# Fall River Man shot dead at Sunset Hill



## kwflatbed (Dec 29, 2004)

By:Jay Pateakos, Herald News Staff Reporter
09/26/2006

FALL RIVER - A man witnesses identified only as "Jimmy" was shot and killed outside Apartment No. 276 in the Sunset Hill housing development around 9:30 p.m. Monday night. 


Sunset Hill resident Roland Dube, who also works as the project's maintenance worker, said he had settled down to watch Nick at Night with his daughter when heard multiple gunshots being fired near his building.

"I heard 15 shots go off, and I ran out my back door and saw the man fall," said Dube, a three-year resident of Sunset Hill. "There's two things I know: the sound of gunshots and how to count. It was like it was happening in my own living room."

Dube said that while being questioned by police, he was informed by a police officer that the victim had suffered at least two gunshot wounds to the back of the head.

Police would not identify the man and forwarded all calls for information to the District Attorney's office, who had not returned any calls by press time.

The partially covered victim had yet to be removed from the scene more than an hour and a half after the shots were reported to have been fired.

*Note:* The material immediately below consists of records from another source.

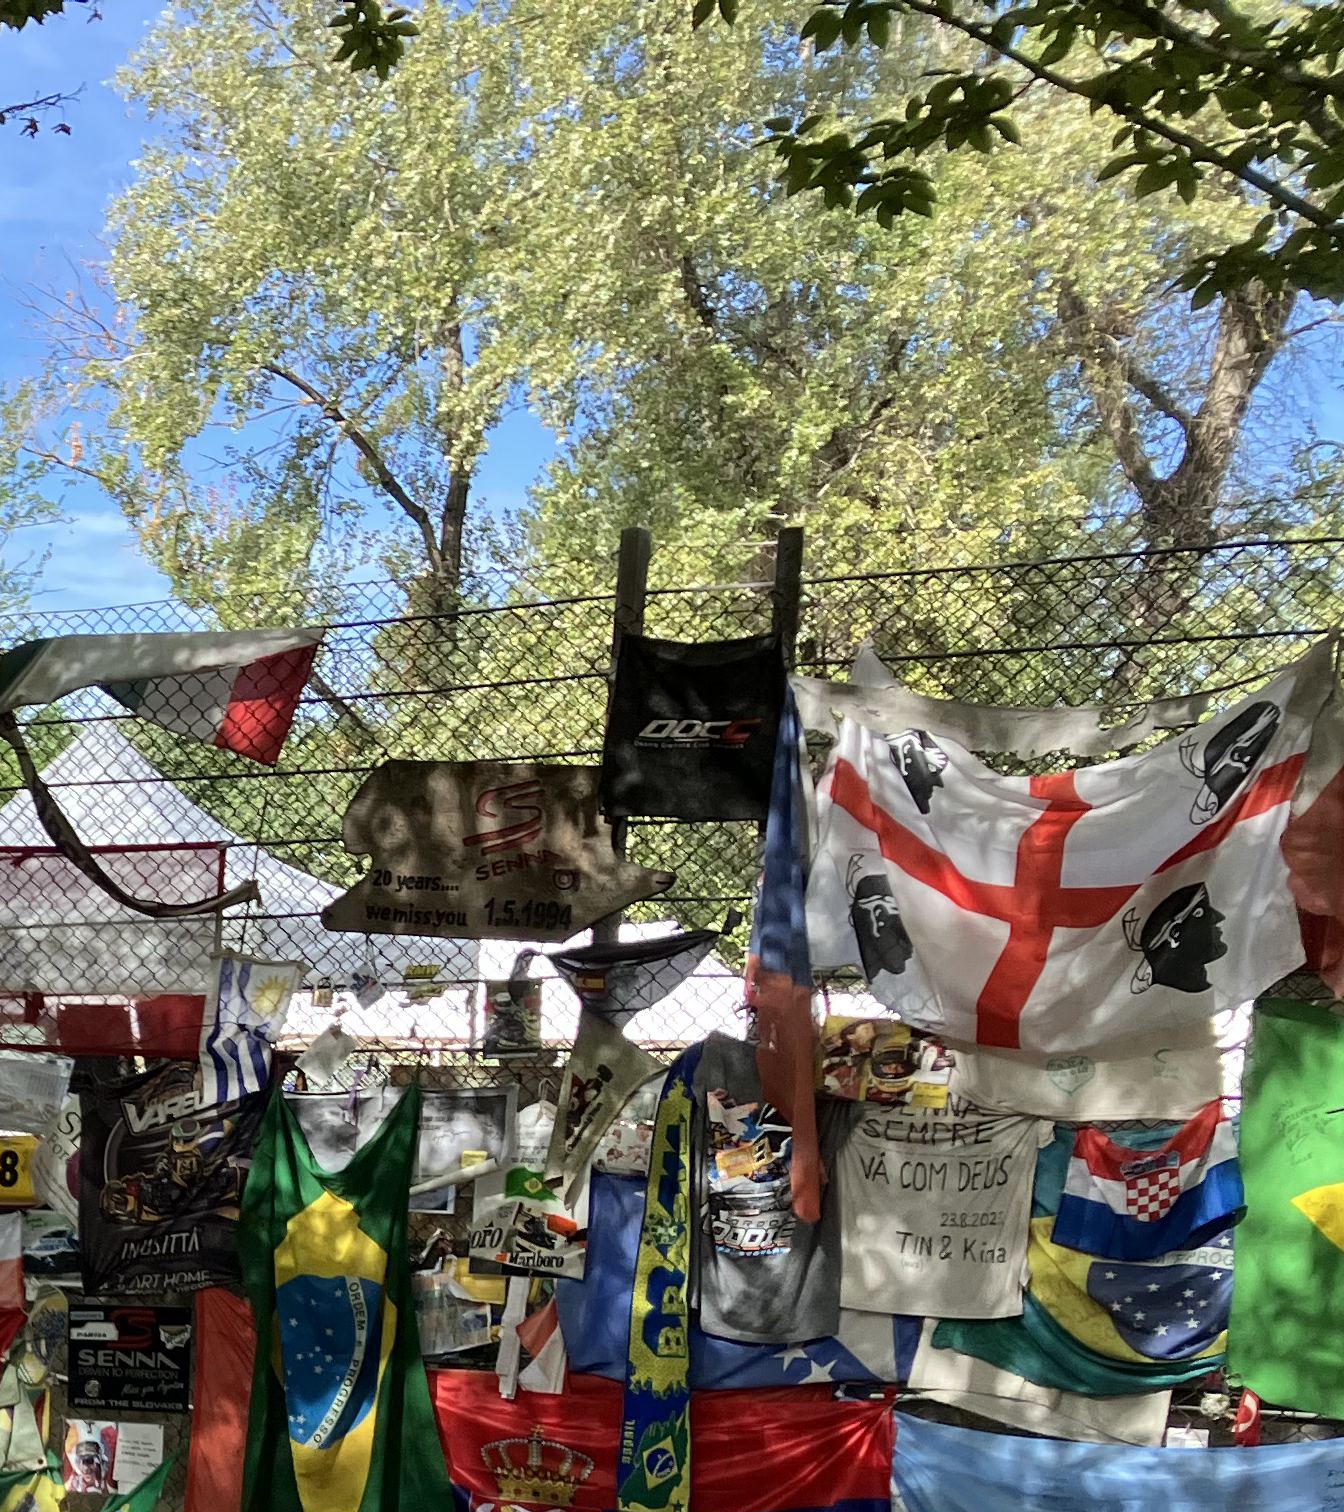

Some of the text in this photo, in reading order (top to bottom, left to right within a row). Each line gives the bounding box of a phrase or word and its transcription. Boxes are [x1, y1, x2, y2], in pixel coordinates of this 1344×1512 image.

[373, 869, 392, 886] 20
[476, 850, 564, 881] SENNA
[484, 897, 573, 930] 1.5.1994
[862, 1118, 995, 1147] SEMPRE
[900, 1160, 947, 1192] COM
[957, 1155, 1013, 1192] DEUS
[940, 1210, 1005, 1228] 23.8.202
[509, 1251, 564, 1269] Marlboro
[895, 1230, 932, 1257] TIN
[938, 1234, 953, 1261] &
[348, 1281, 368, 1331] ORDEM
[77, 1349, 181, 1370] SENNA
[313, 1359, 360, 1444] PROGRESSO

Multiple witnesses said that the man lived somewhere in Sunset Hill, but no one knew his exact address, and that he was 23 or 24 years old.

More than a dozen Sunset Hill residents were approached, but most said they either didn't see anything, didn't know the man or didn't want to talk to comment.

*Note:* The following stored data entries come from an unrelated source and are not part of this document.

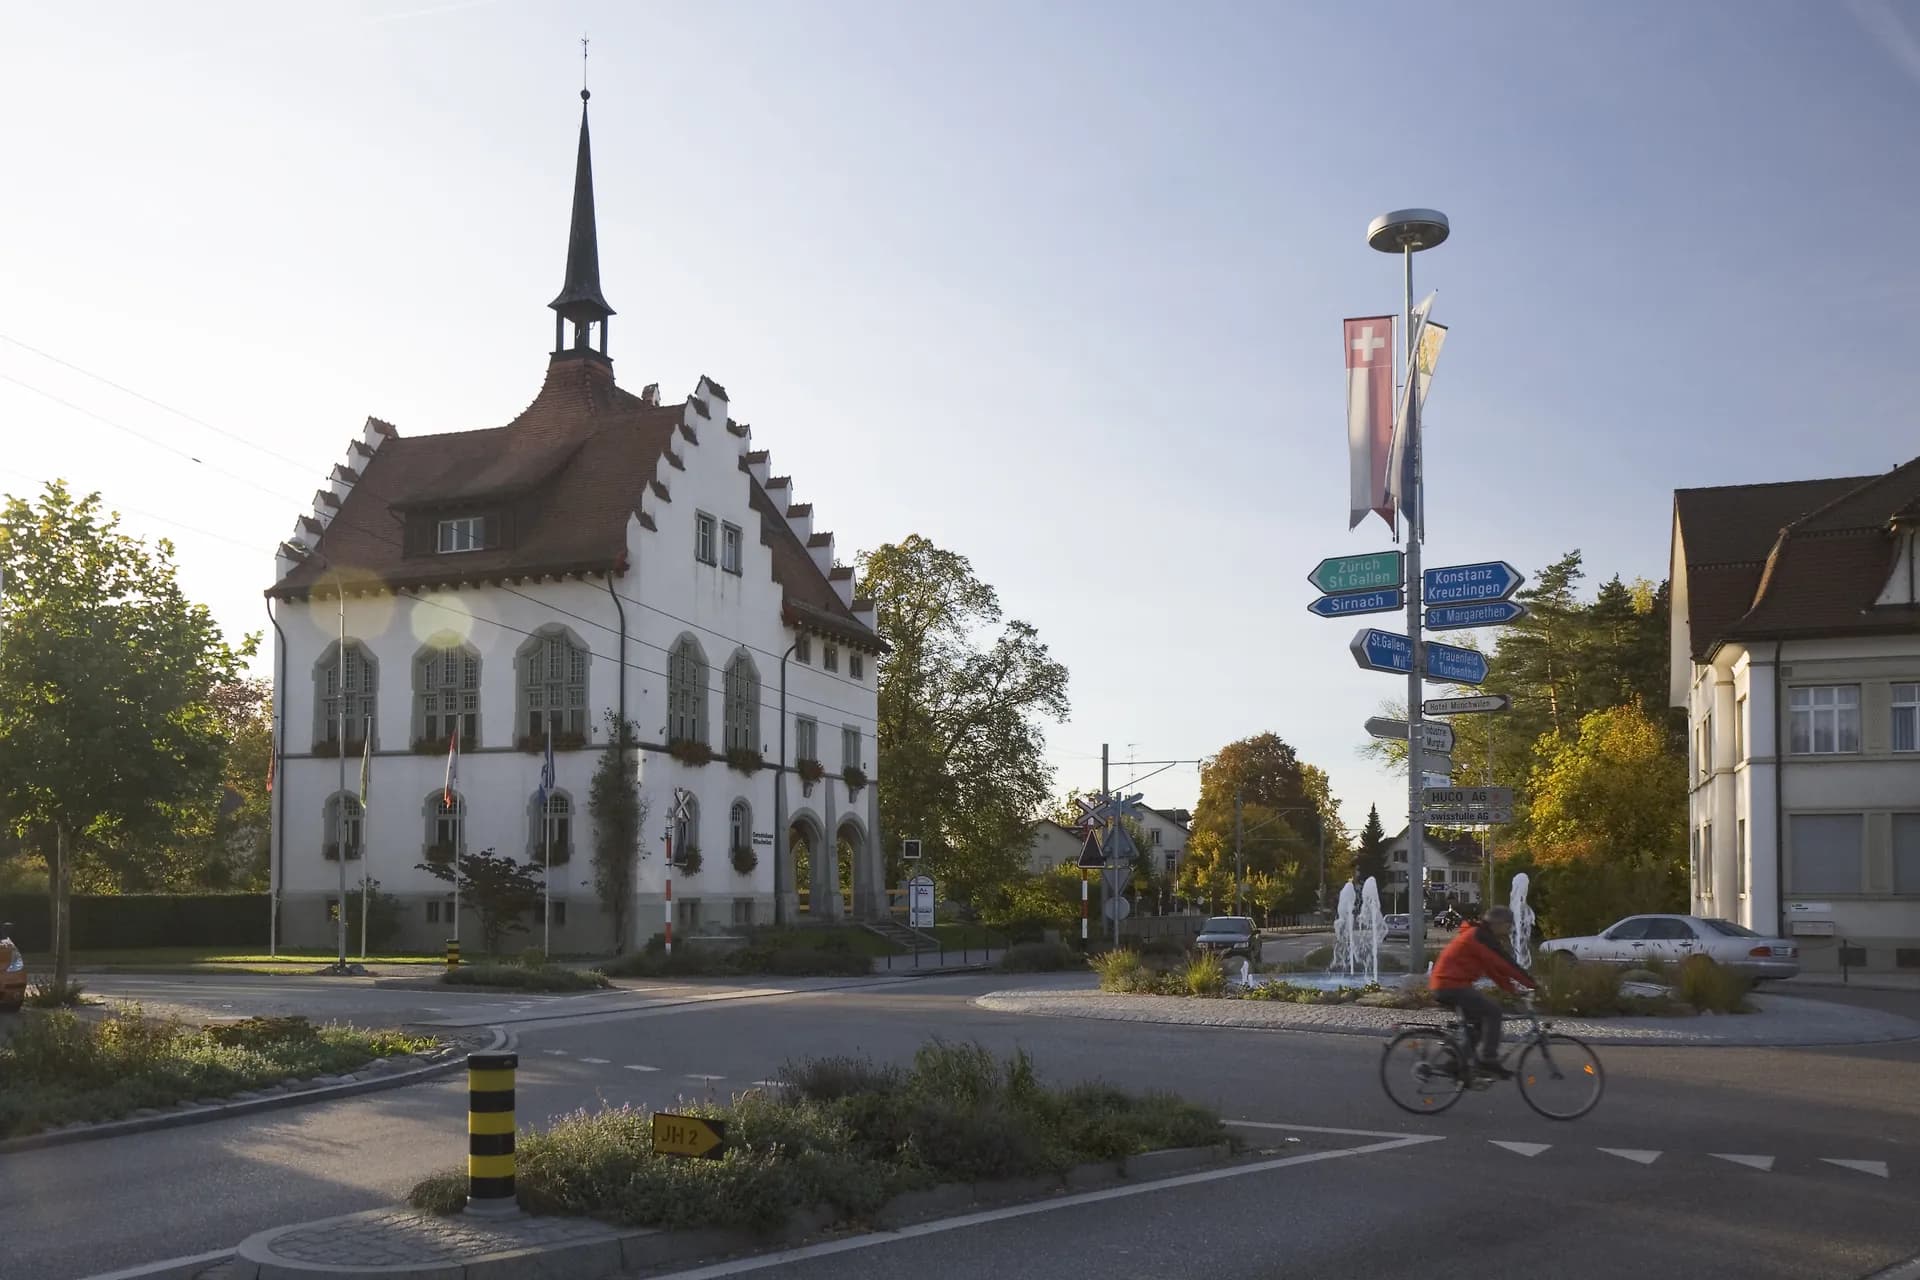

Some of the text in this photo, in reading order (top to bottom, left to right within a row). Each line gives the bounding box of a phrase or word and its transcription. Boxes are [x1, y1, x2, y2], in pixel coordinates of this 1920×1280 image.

[1338, 559, 1380, 574] Zürich
[1329, 572, 1390, 588] St. Gallen
[1435, 569, 1492, 585] Konstanz
[1428, 583, 1500, 600] Kreuzlingen
[1331, 594, 1384, 611] Sirnach
[1447, 607, 1505, 623] Margarethen
[1393, 654, 1406, 668] Wil
[1439, 648, 1478, 666] Frauenfeld
[1439, 662, 1480, 680] Turbenthal
[1430, 703, 1448, 711] Hotel
[1432, 791, 1487, 802] HUCO AG
[1477, 812, 1489, 821] AG
[662, 1125, 698, 1145] JH 2

One woman, who refused to give a name, said she was surprised at the shooting because she felt Sunset Hill was one of the safer housing projects in the city.

"I've been living here for three years now and this is the second shooting I've seen," said Dube, referring to a what he said was a drug-related shooting two years ago where the victim was only shot in the leg. "This one was definitely something about revenge. He was dead before he hit the ground."


----------



## kwflatbed (Dec 29, 2004)

Sunset Hill rocked by violence

By:Will Richmond, Herald News Staff Reporter

09/27/2006

FALL RIVER - Eighteen hours after the suspected shooting of a man in the Sunset Hill housing development, the Bristol County District Attorney's office declined to identify the victim or reveal a possible cause of death.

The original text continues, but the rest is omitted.